将狂犬病毒制成病毒悬液，使其吸附到上述细胞上；换用细胞维持培养液，在适当培养环境下培养病毒；连续培养3～5日后，第一次收获病毒液，采用半连续工艺，换液比例为50％；继续培养9～11日，每24h收获换液一次，换液比例为50％。

(3)经检验合格后，将半连续工艺收获的病毒液与生物反应器的病毒液混合，于-20℃冻融两次，灭活纯化得到狂犬病毒抗原。

病毒液检验：按《中华人民共和国兽药典》2005年版附录15、19、20页的相关规定进行检验，完全符合，安全无副作用，无细菌、霉菌、支原体及外源病毒污染。

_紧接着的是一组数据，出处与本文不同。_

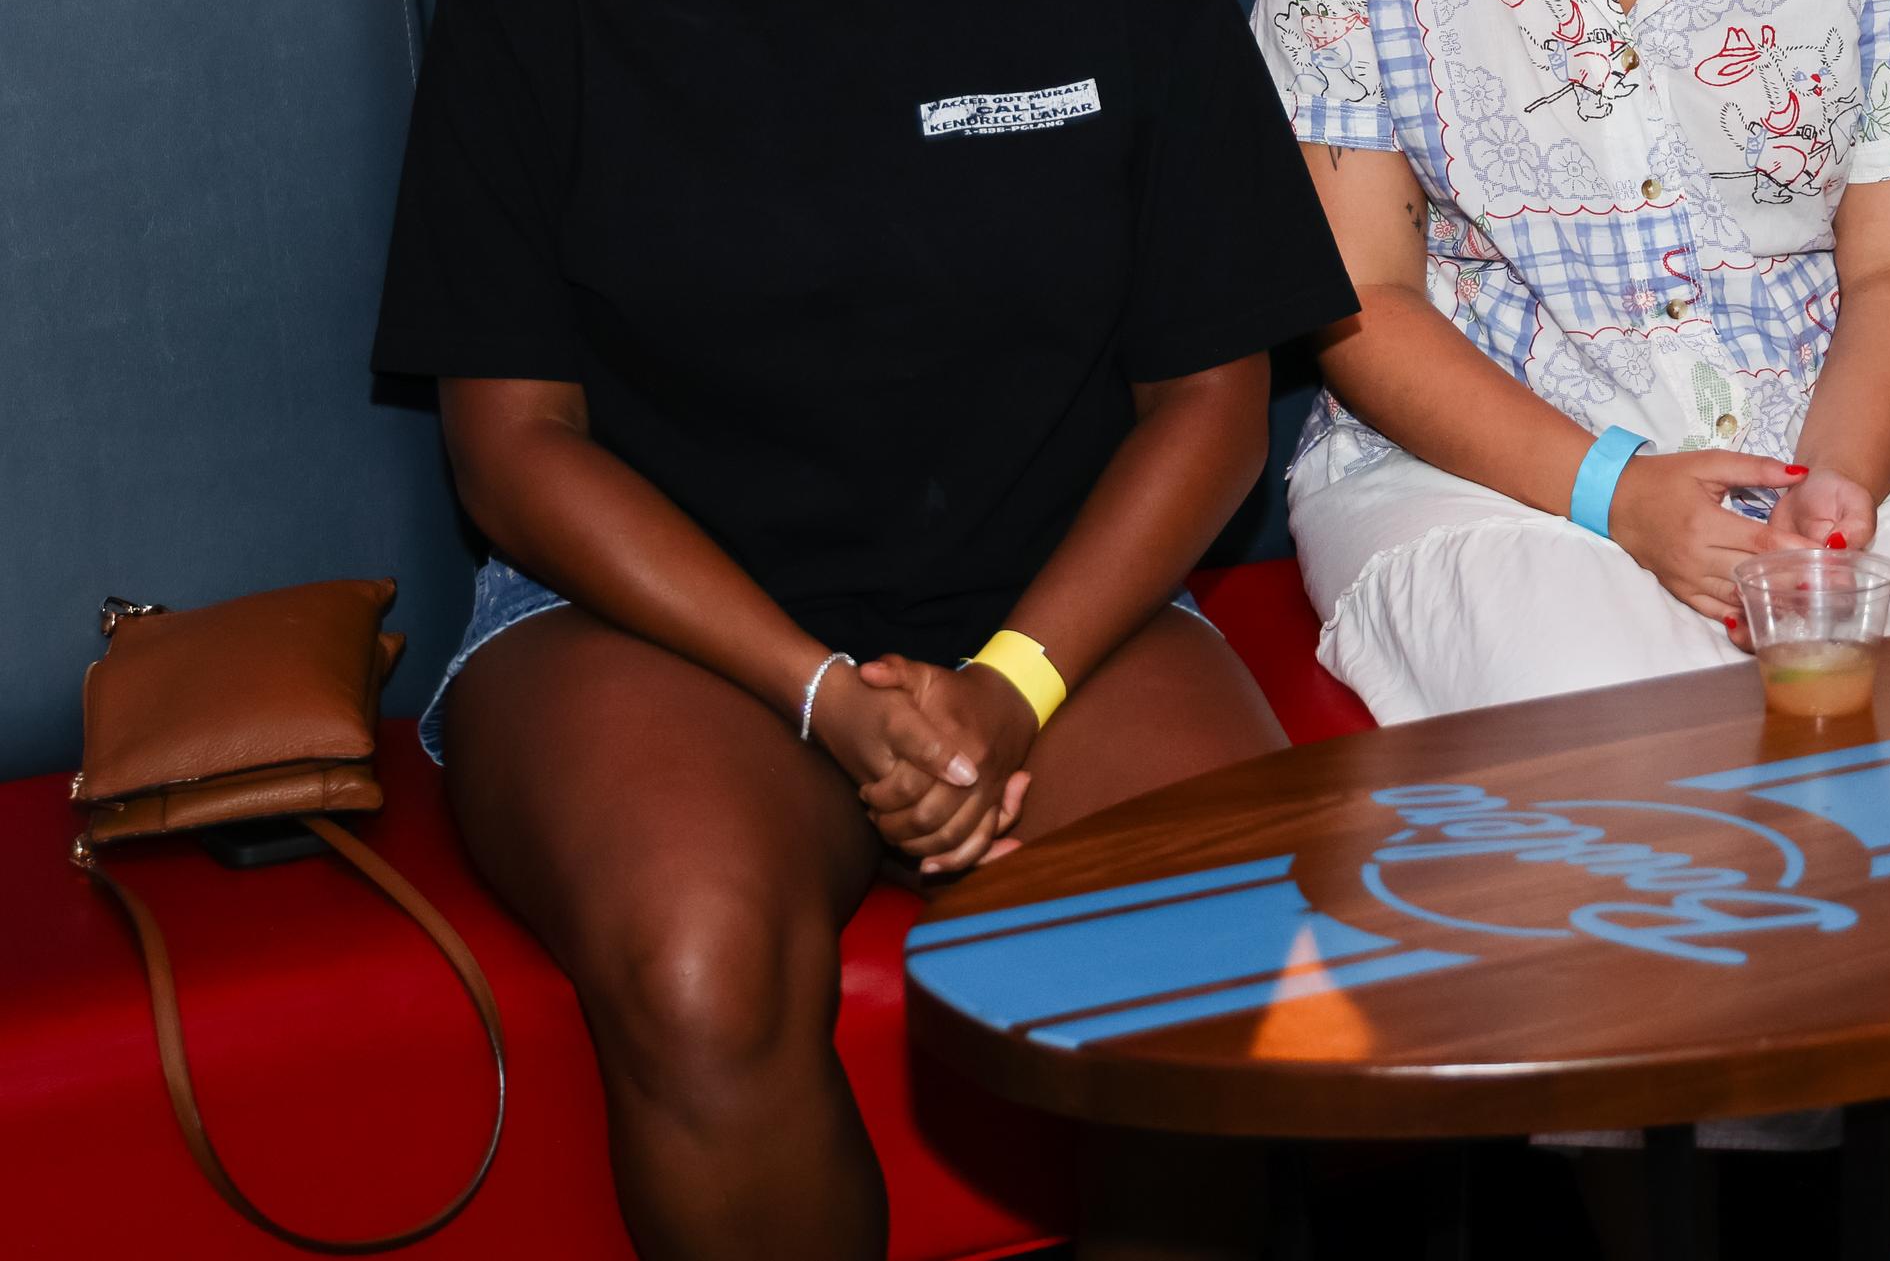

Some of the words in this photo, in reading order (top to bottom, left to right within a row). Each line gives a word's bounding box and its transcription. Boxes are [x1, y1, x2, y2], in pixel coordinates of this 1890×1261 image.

[992, 95, 1024, 105] OUT
[1029, 83, 1090, 101] MURAL?
[929, 113, 1025, 133] KENDRICK
[1031, 102, 1094, 122] LAMAR
[975, 102, 1045, 116] CALL
[1370, 782, 1860, 965] Bowlero

通过小鼠脑内接种法测定，病毒液每1.0ml病毒含量≥10^7.0LD₅₀；

上述技术方案中，所述的宿主细胞为可增殖狂犬病毒的细胞系，如仓鼠肾细胞细胞系(BHK21)等。

本发明方法中所述的培养液最好是95％～98％DMEM，加2％～5％牛血清，加适量抗菌素，pH值为7.0～7.4较好。

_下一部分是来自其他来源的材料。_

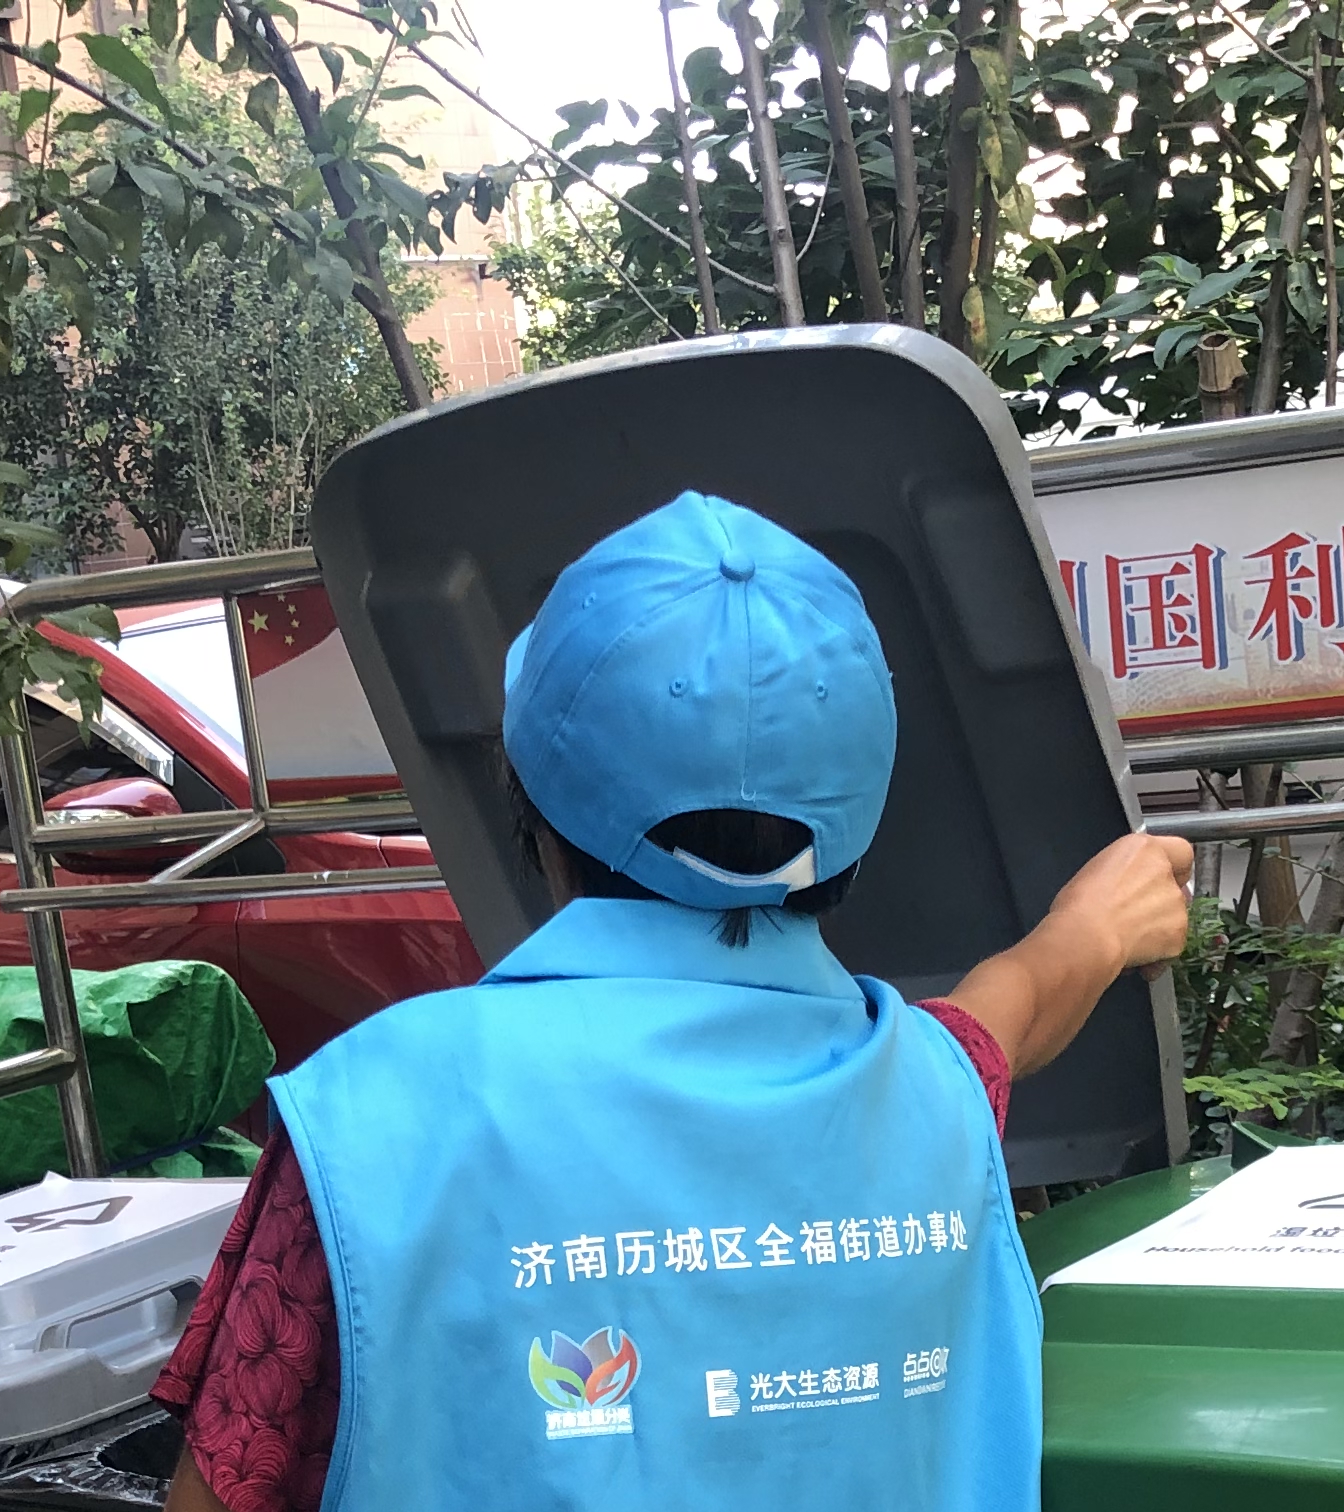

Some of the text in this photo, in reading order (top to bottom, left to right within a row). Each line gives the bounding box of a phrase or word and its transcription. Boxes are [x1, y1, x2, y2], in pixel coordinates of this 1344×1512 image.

[509, 1209, 969, 1290] 济南历城区全福街道办事处
[1143, 1245, 1286, 1254] Household
[749, 1361, 880, 1401] 光大生态资源

上述技术方案中，所述接种的狂犬病毒可以是LEP-Flury毒株。

上述技术方案中，所述的适宜本发明的微载体可以为具有网状结构的纤维，如聚酯纤维等。

本发明方法中细胞获得气体交换的方式可以通过培养液液面升降的方式实现。

上述技术方案中，步骤(1)中，一般启动贴附程序后4h换成细胞培养程序。所述细胞贴附程序最佳参数为：up：2400mL/min hold 1min、Down：2400mL/min hold 1min、设定最大换液量18500mL；细胞培养程序最佳参数为：up：1800mL/min hold 1min、Down 1800mL/min hold 1min、设定最大换液量18500mL。

上述技术方案中，步骤(1)中所述微载体用量为每500ml培养液添加5.5g微载体较好，细胞的初始接种量为1.8～3.6×10⁷cells/g微载体较好。

上述技术方案中，步骤(2)中所述接种病毒时细胞密度一般为1.1×10⁸～1.0×10⁹cells/g微载体。

上述技术方案中，步骤(2)中所述接种病毒时按病毒感染复数(M.O.I.)为0.01～1的比例。